И старый пан сгорбился еще сильнее – от ее взгляда.
– Простишь меня когда-нибудь, а? – спросил тоскливо, и зажмурил на секунду глаза. Заслезились вдруг – от света ярко вспыхнувших свечей? или от света в ее глазах? Негоже перед женщиной нюни распускать… призрак она, или нет… Вот, так бы и сидеть – с закрытыми глазами, смотреть в спокойные сумерки закрытых век, и притворяться перед самим собой, что нет ничего, кроме этого. Нет и не было. Сон это все и больше и ничего....
Анджей
А чем это еще могло быть, кроме сна… Дурного сна, тяжелого и муторного, скорей бы уж закончился, что ли…
Он умирал. И знал, что умирает. А потому сердился – и отбивался, слабо и бестолково, от влажных, пахнущих горькими травами тряпиц, которые упрямая девка все лепила и лепила на больную обожженную кожу. И, не находя сил – разглядеть, узнать, вспомнить – ту, что склонялась над постелью, сипел измученно, с трудом раздирая запекшиеся, в кровавых волдырях, губы:
– Да, оставь, дура… оставь меня в покое…
А она не слушала – или не слышала. И новая тряпица, истекая влажной прохладой, опускалась на пылающую огнем кожу; пальцы легонько и нежно разглаживали очередную повязку; а голос – знакомый, а вроде, как и незнакомый, не то бормотал, не то напевал что-то – дрожащим шепотом, сдержанным плачем, ласково-бессмысленным лепетом… Вроде как – уговаривал. Упрашивал. Убаюкивал. Кого? Человека, с сердитым мычанием ворочающегося на сбитой постели? Боль, адовым огнем сжигающую тело снаружи – как будто так и не затушили опалившее его пламя – и ледяным ознобом колотящуюся внутри? Смерть, которую уже видно – близко-близко – из-под воспаленных с обгоревшими ресницами, век?…
И ведь уговорила… убаюкала… Боль замерла, свернулась сонным змеиным клубком под пряно пахнущими повязками, задремала. И человек успокоился, перестал метаться и кричать и звать свою смерть – ишь, нетерпеливый… Уснул, спокойно и безмятежно, как спят не умирающие – а выздоравливающие. И смерть, уже жадно и любопытно заглядывавшая под его обожженные вспухшие веки, отступила, засомневалась – звали, не звали? Прикорнула было рядом – подремать-покараулить, подышать в затылок ледяным холодом. А к рассвету, позевав разочарованно, поклацав зубами, покосившись досадливо на девушку (которая так и сидела – по другую сторону постели и осторожно держала в руках ладонь спящего – изуродованную, обожженную – как невесть какую драгоценность держала – мол, мое, не отдам…) – и так и уползла потихоньку… по делам… много дел у нее, неугомонной…
Проснувшись, он долго смотрел, больно прищуривая правое воспаленное веко (левое совсем распухло и не открывалось), удивленно вглядывался в полумрак незнакомого дома. Дом, не дом, так себе, хижина, сеном пахнет, какие-то пучки сушеных трав под низким темным потолком… И все опять показалось ему сном. Странным, невозможным.

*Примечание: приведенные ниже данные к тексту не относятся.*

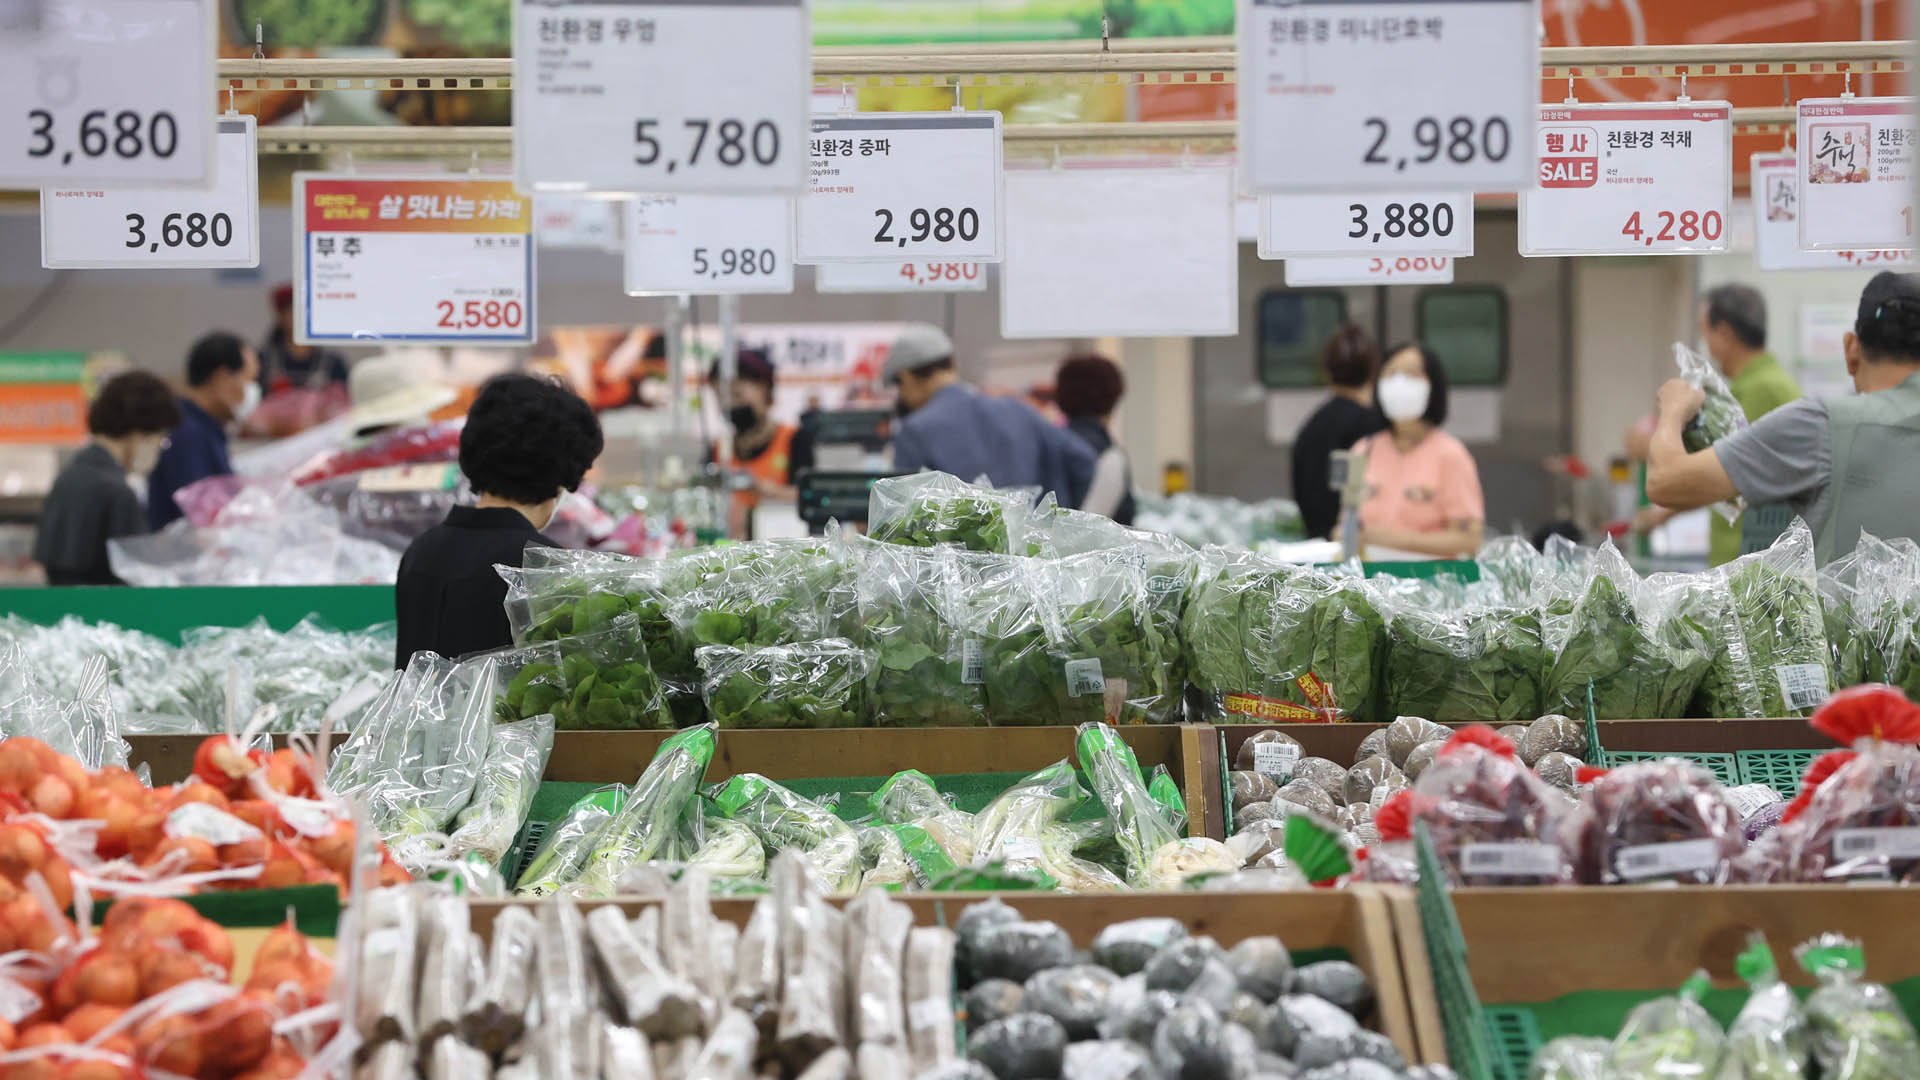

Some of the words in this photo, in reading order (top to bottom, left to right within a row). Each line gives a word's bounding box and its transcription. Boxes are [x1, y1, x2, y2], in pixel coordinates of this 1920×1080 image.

[539, 19, 603, 43] 친환경
[1269, 17, 1330, 42] 친환경
[1338, 17, 1443, 41] 미니단호박
[27, 110, 179, 166] 3,680
[634, 118, 781, 173] 5,780
[809, 138, 853, 157] 친환경
[859, 138, 891, 156] 중파
[1362, 117, 1511, 172] 2,980
[1606, 130, 1654, 149] 친환경
[1660, 130, 1692, 149] 적채
[1816, 130, 1856, 174] 추석
[1540, 162, 1594, 182] SALE
[379, 194, 404, 219] 살
[407, 194, 475, 219] 맛나는
[125, 212, 233, 253] 3,680
[874, 207, 980, 248] 2,980
[1348, 202, 1454, 243] 3,880
[1621, 210, 1723, 246] 4,280
[693, 248, 776, 279] 5,980
[900, 263, 978, 287] 4,980
[437, 301, 522, 330] 2,580
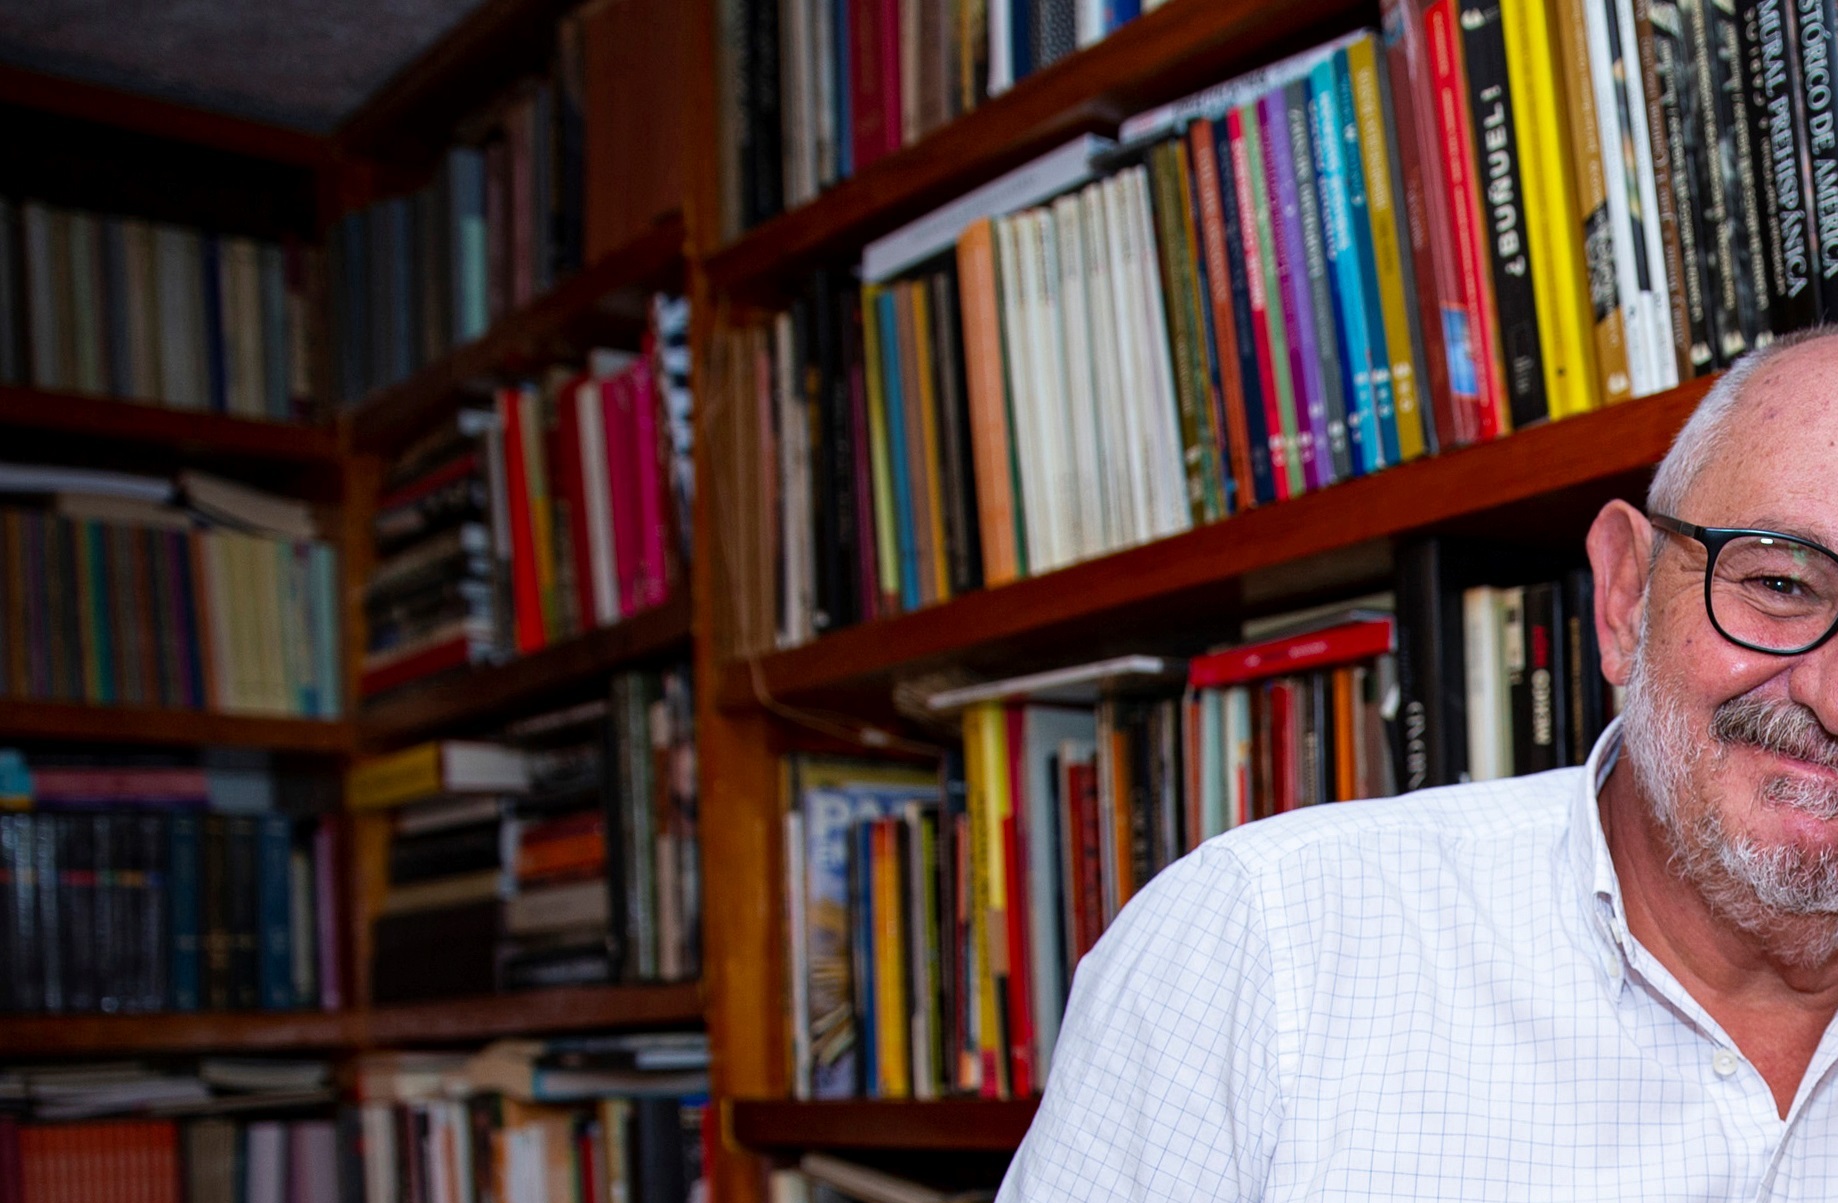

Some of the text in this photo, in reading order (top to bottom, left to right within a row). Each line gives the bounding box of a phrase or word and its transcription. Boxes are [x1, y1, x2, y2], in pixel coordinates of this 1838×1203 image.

[1757, 0, 1787, 98] MURAL
[1809, 110, 1835, 156] DE
[1767, 95, 1808, 299] PREHISPÁNICA
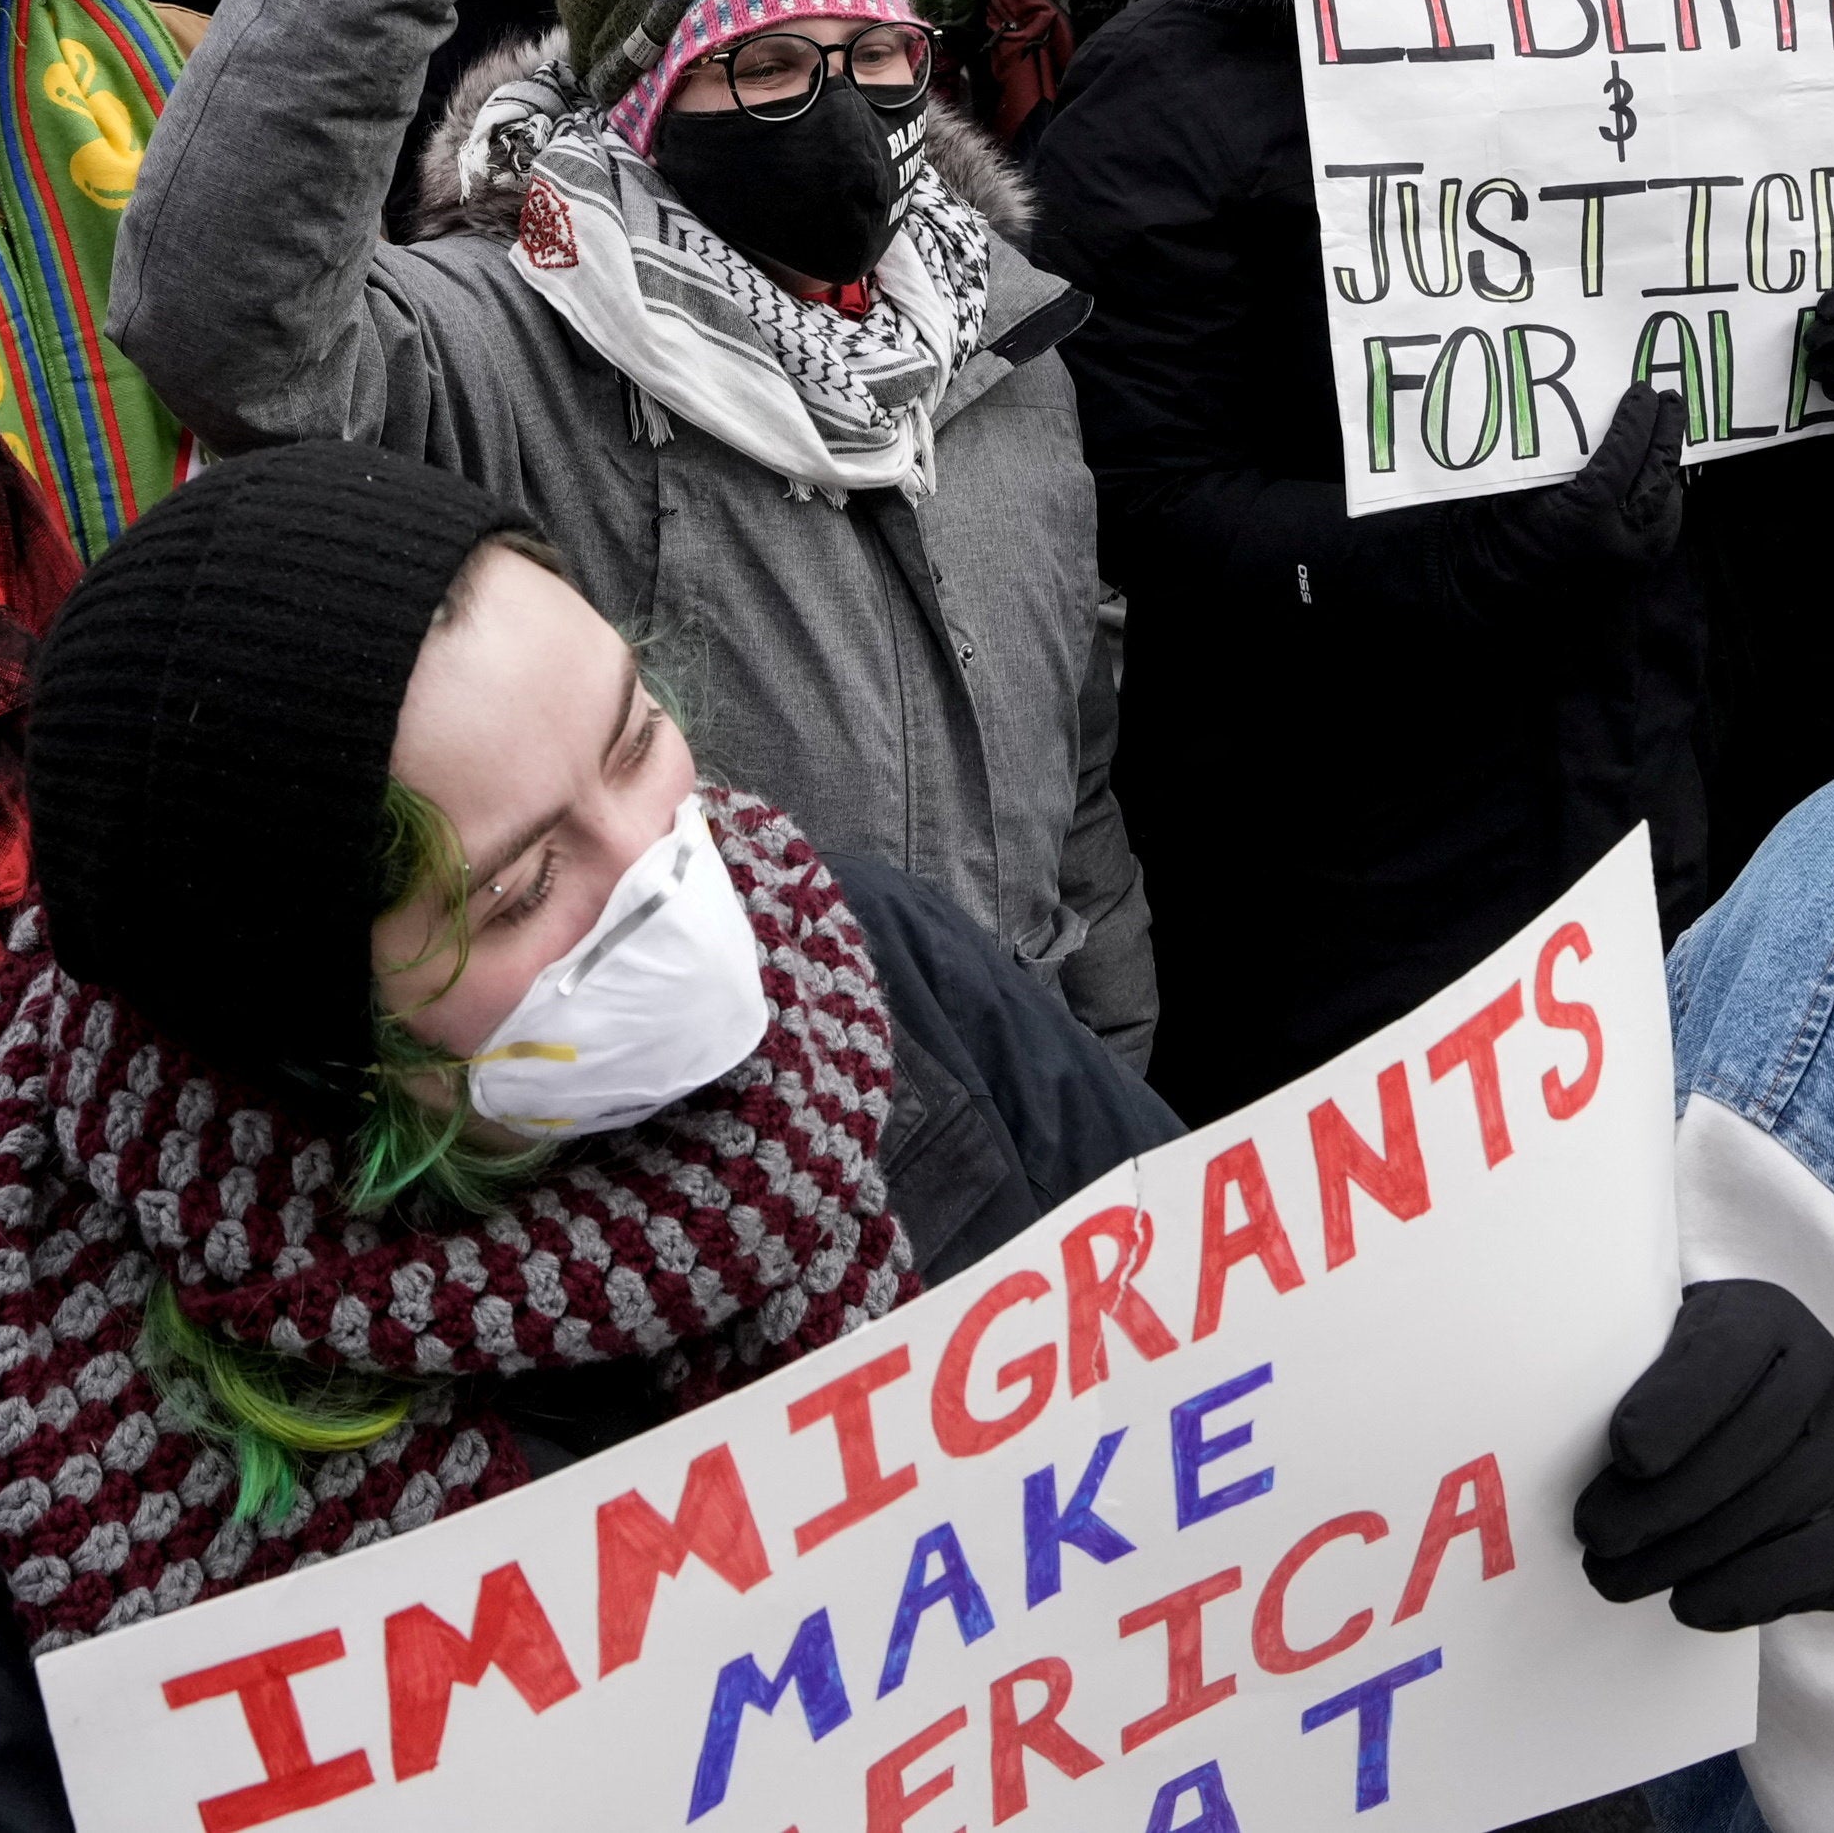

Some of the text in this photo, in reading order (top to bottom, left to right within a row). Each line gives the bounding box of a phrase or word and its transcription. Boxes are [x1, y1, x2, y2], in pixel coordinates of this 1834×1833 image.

Только когда из этого полумрака вылепилось бледное девичье лицо и голос, измученный и радостный, тихонько сказал:
– Ну вот… вот так…А ты думал, что я тебя просто так отпущу? Я? Тебя?
Тогда, он решил, что это все-таки, наверное, не сон…
– Тс-с, молчи, – прохладная легкая ладонь нежно тронула его губы. – Ты молчи, а то тебе сейчас будет больно говорить…
Он послушно молчал, и послушно пил какое-то теплое горьковатое питье из глиняной кружки со щербатым краем, опять соскальзывал в дремоту, и снова просыпался, разглядывал сушеные травы-цветы под потолком, пытался припомнить свои сны (и не-сны…) и пытался улыбнуться девушке, заботливо склонявшейся над ним. Когда он научился различать – сны и не-сны – наверное, это было началом выздоровления. Потом он вспомнил ее имя – девочки из своих снов. И – из не-снов, потому что теперь эта девочка сидела с ним рядом, осторожно держа его ладонь в своих руках. “А ты думал, что я тебя просто так отпущу? Я? Тебя?…” И ведь не отпустила… Она смотрела в его лицо внимательно и терпеливо – так же, как и всю прошлую ночь, а может, и позапрошлую? Сколько их уже прошло – ночей и дней в сумерках незнакомой комнаты, пахнущей травами? Он точно не помнил. Девушка поймала его взгляд – и улыбнулась. Он попытался разлепить запекшиеся губы – произнести ее имя, и, наконец, сказать то, что он хотел ей сказать давно. Очень давно. В своих снах. Но узкая прохладная ладонь снова торопливо и предостерегающе тронула его губы.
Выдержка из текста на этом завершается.